Теперь — небольшое отступление о состояниях ума. Само понятие «состояние» — вечный камень преткновения в теоретических рассуждениях о мышлении и сознании. Попытаемся объяснить употребление нами этого слова, ну, хотя бы в том смысле, в каком оно фигурировало, когда мы только что говорили о «двойственности» созерцания, да в какой-то мере и наблюдения: и то и другое может выступать и как действие, и как состояние ума. Тогда, с одной стороны, состояние ума оказывается противопоставленным мышлению именно как состояние, то есть как определенное положение вещей в отношении мышления, положение, которому условно приписывается некоторая статичность; предполагается, что в течение какого-то времени — назовем его «время наблюдения мышления» — это положение вещей остается тем же, а само мышление изменяется и становится другим.

Я думаю, что именно эта временность, относительная (то есть в отношении мышления) статичность состояний ума сделала их столь важными и необходимыми в теории и практике сознательной и направленной трансформации мышления, которая в древней Индии называлась «йога». В йоге процесс инструкции, наставления обретал свою размерность, «градуировался», так сказать, именно по состояниям ума и в терминах состояний ума, так как учитель йоги объяснял ученику то, что происходит в мышлении ученика, обязательно соотнося во времени изменения в мышлении ученика с последовательностью этих состояний, описанных в тексте инструкции.
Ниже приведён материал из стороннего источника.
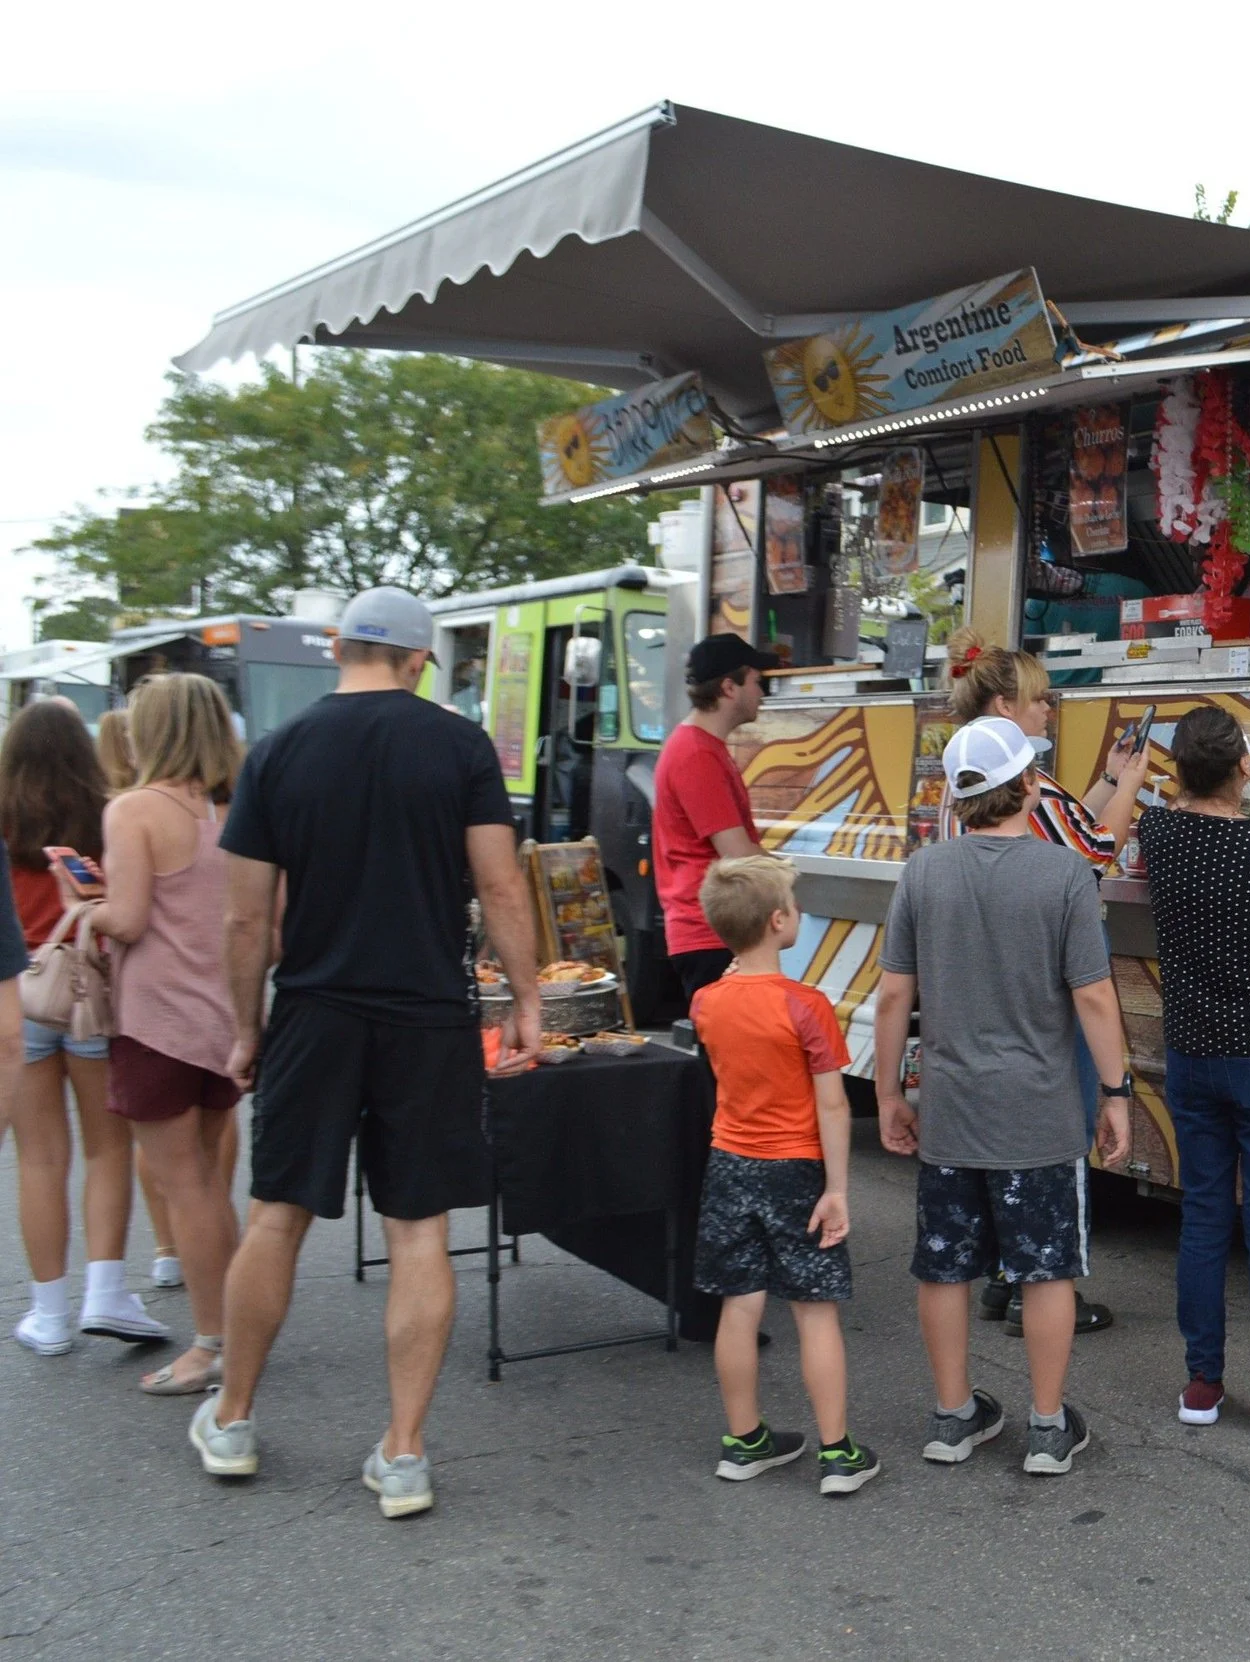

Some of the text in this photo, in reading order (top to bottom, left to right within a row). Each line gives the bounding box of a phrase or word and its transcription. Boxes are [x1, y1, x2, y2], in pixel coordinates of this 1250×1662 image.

[892, 301, 1012, 356] Argentine
[904, 339, 1028, 390] Comfort Food
[1074, 425, 1125, 449] Churros
Я готов предположить, что исторически наука психология, — как описание, классификация и анализ феноменов обычной психики и нормального мышления, — была создана особым, трасфорированным, йогическим мышлением, уже осознавшим психические феномены как психические, а себя самое как не-психическое.

Эта «временность», темперированность, так сказать, описаний состояний ума в йогических инструкциях (особенно в буддийской йоге) очень четко выражается во вводных фразах, оборотах и словах в этих описаниях, таких как «теперь» (подразумевается: «теперь, когда учитель готов начать объяснение, а ученики находятся в должном для восприятия этого объяснения состоянии ума»), «в том случае» (дальше следует: «когда слушающий чувствует легкость и приятность в теле и уме») или «в момент» (следует: «когда разум инструктируемого подавлен и он не может войти в созерцание») и так далее.
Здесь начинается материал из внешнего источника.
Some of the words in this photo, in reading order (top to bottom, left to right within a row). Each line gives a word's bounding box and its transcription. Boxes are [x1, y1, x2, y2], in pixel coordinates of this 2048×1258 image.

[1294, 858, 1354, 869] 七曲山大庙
В то же время, состояния ума противопоставлены мышлению как нечто формальное, то есть не имеющее своего мыслительного содержания и являющееся своего рода «внешним» условием для мышления с его объектными содержаниями. В этом — сходство состояний ума с психическими состояниями, бессодержательными по преимуществу.
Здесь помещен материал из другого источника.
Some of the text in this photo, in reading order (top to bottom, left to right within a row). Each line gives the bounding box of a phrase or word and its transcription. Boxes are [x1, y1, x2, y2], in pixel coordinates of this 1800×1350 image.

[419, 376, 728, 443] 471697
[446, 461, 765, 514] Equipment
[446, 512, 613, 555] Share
Но состояния ума оказываются схожими с психическими состояниями по еще одному признаку, весьма существенному в наблюдении мышления: они могут быть обозначены или описаны только в объективном порядке, а не в порядке сообщения о них их субъектом. Так, если я говорю: «я смотрю на солнце, я думаю о солнце и о том, что я смотрю на солнце», — то это сообщение может восприниматься (и наблюдаться со стороны) как имеющее определенное содержание в отношении объекта моего мышления («солнце», «мышление о солнце»). Но когда я говорю: «никогда прежде я не воспринимал столь ясно окружающие меня предметы и никогда столь четко о них не мыслил как сейчас, когда я смотрю на солнце», — то это мое высказывание не может само по себе восприниматься и наблюдаться в его соотнесении по содержанию с моим мышлением о конкретных объектах (в данном случае таковыми являются состояния ума, которые я себе приписываю как «мои»). Чтобы восприниматься и наблюдаться в такой соотнесенности, мои состояния ума должны быть сообщены и описаны не мной, а кем-то другим, «другим мыслящим», так сказать, и, строго говоря, на языке «другого мышления», для которого мое мышление будет Другим по определению.